= Ren Pedersen =

Australian advocate

Ren Michael Pedersen (born "Rene" in Atherton, North Queensland, Australia) is an advocate for children's brain cancer research. He founded the independent Australian arm of The Cure Starts Now after the death of his daughter Amy from a brain stem cancer known as Diffuse Intrinsic Pontine Glioma (DIPG).
Pedersen was awarded an Order of Australia Medal in the 2022 Australia Day Honours for service to the community.

== The Cure Starts Now (Australia) ==
The Cure Starts Now was founded in 2007 by Cincinnati's Keith and Brooke Desserich with Pedersen the former director of the independent Australian branch of the organization. In 2009, the organization became an official DGR Registered Australian charity (Incorporation #IA37656) and then in 2019 a new charity name The Cure Starts Now Australia Limited was registered as a charity.

In 2013 the organisation was awarded a $109,000 Monash Institute of Medical Research Grant to fund "Targeted Drug and Stem Cell Therapy" trials and was featured at the International Symposium on Pediatric Neuro-Oncology in Singapore in 2014.
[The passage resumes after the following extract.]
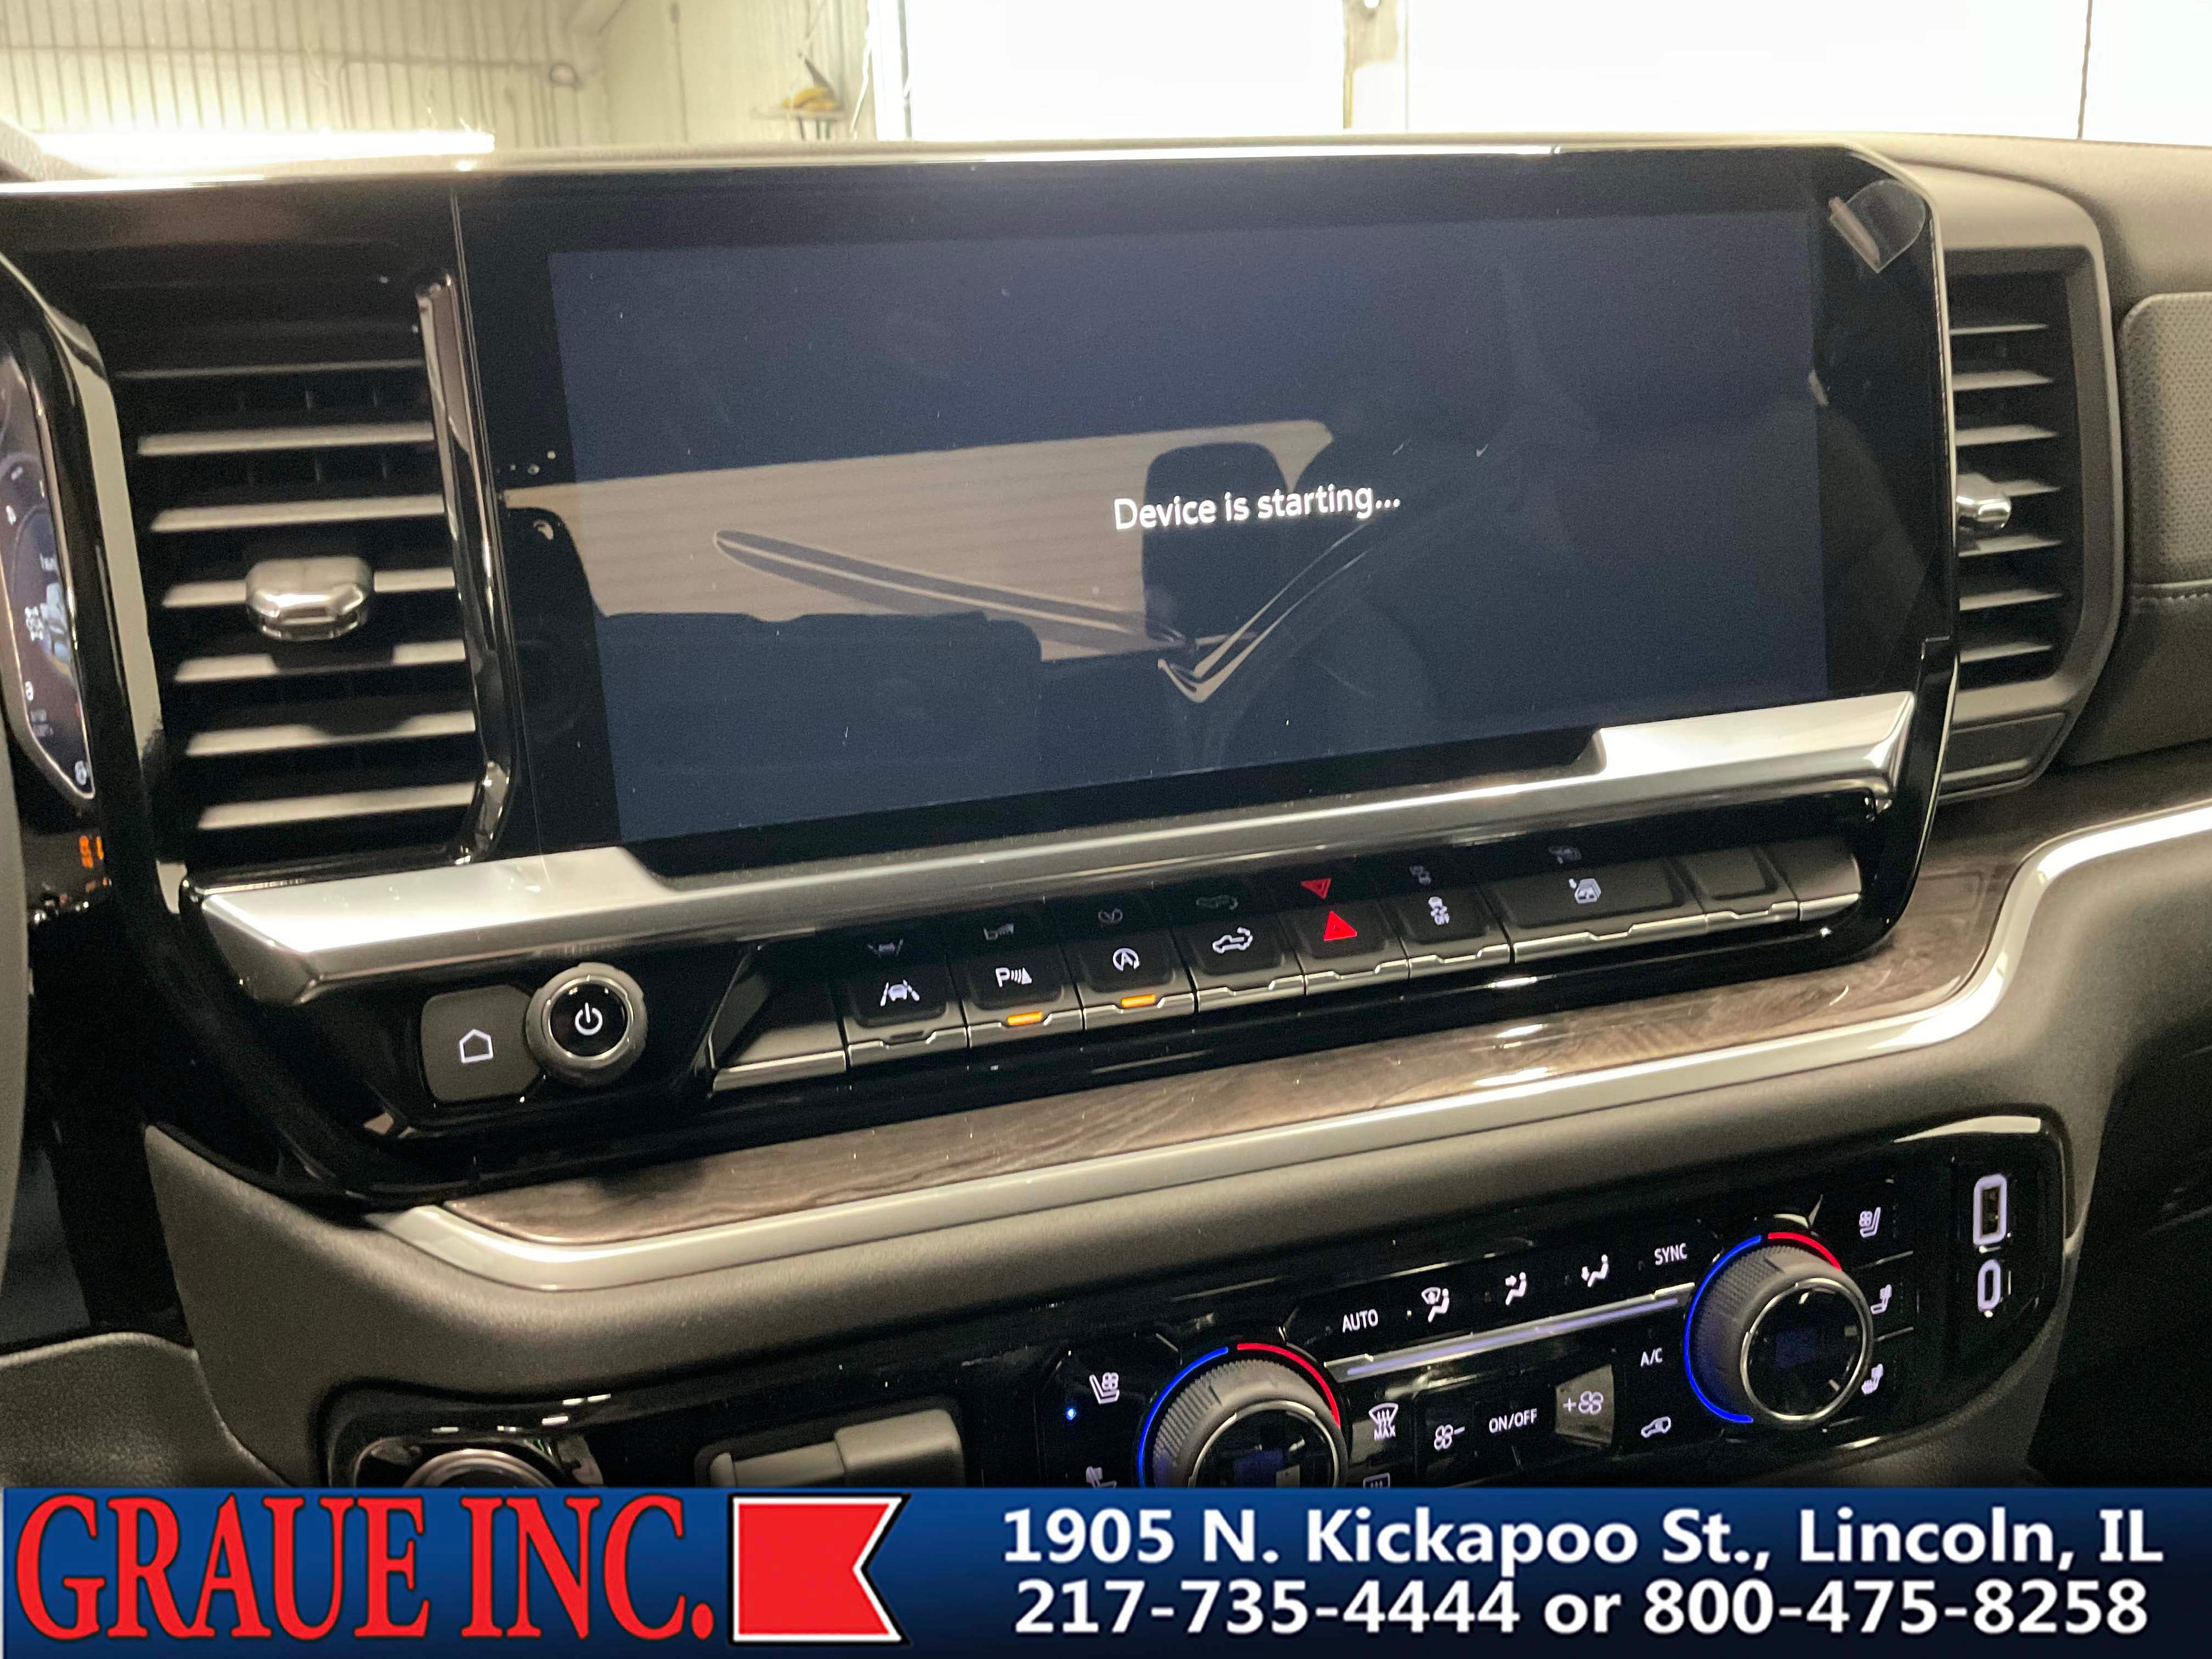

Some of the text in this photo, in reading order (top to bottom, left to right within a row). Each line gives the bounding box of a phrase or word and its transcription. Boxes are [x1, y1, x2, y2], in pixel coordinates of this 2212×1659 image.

=== Fundraising for cancer research ===
To date approximately $5 million has been directly raised by The Cure Starts Now (Australia) for DIPG brain tumour research, since its 2009 inception

Significant fundraising activities include:
- In 2015, Pedersen helped raise nearly AU$190,000 for the Children's Cancer Institute of Australia,
- October 2016 – $180,000 provided to CCIA through the "DCA" Grant.
- November 2019 - The DIPG Collaborative presented a research grant cheque for $146,298.29 to Dr Han Shen at the Westmead Institute for Medical Research.
- December 2019 - The Cure Starts Now Australia donated $151,468 to Sydney Children's Hospital to develop new epigenetic combination treatments against DIPG.
- September 2020 - Hunter Institute of Medical Research's "COMBATT/Paxalisib" project commenced @ $203 522.00
- October 2020 - Children's Cancer Institute's "Epigenetic Players" initiative started @ $150 379.00
- February 2021 - Nature Communications announces new results from CSN's seed funding of the CCI's exciting DFMO/AMXT1501 research project.
- 15 April 2021 - new clinical trial announced, stemming from CSN's 2015 FACT/CBL0137 Grant.
- June 2021 - CSN Fundraising Gala.
- 6 October 2021 - $136,561.00 donated to Dr. Laura Genovesi for research into "Innovative Models of the Brain Microenvironment to Identify New Treatments for Medulloblastoma".
- 10 October 2021 - $266 741.00 donated to Dr. David Ziegler of Sydney Children's Hospital for research into "Phase I/II Study of Oral DFMO + AMXT1501 for DIPG/DMG".
- 10 October 2021 - $68 280.00 donated to Dr. Dannielle Upton of the Children's Cancer Institute for research into "Developing Novel Combination Therapies for DIPG".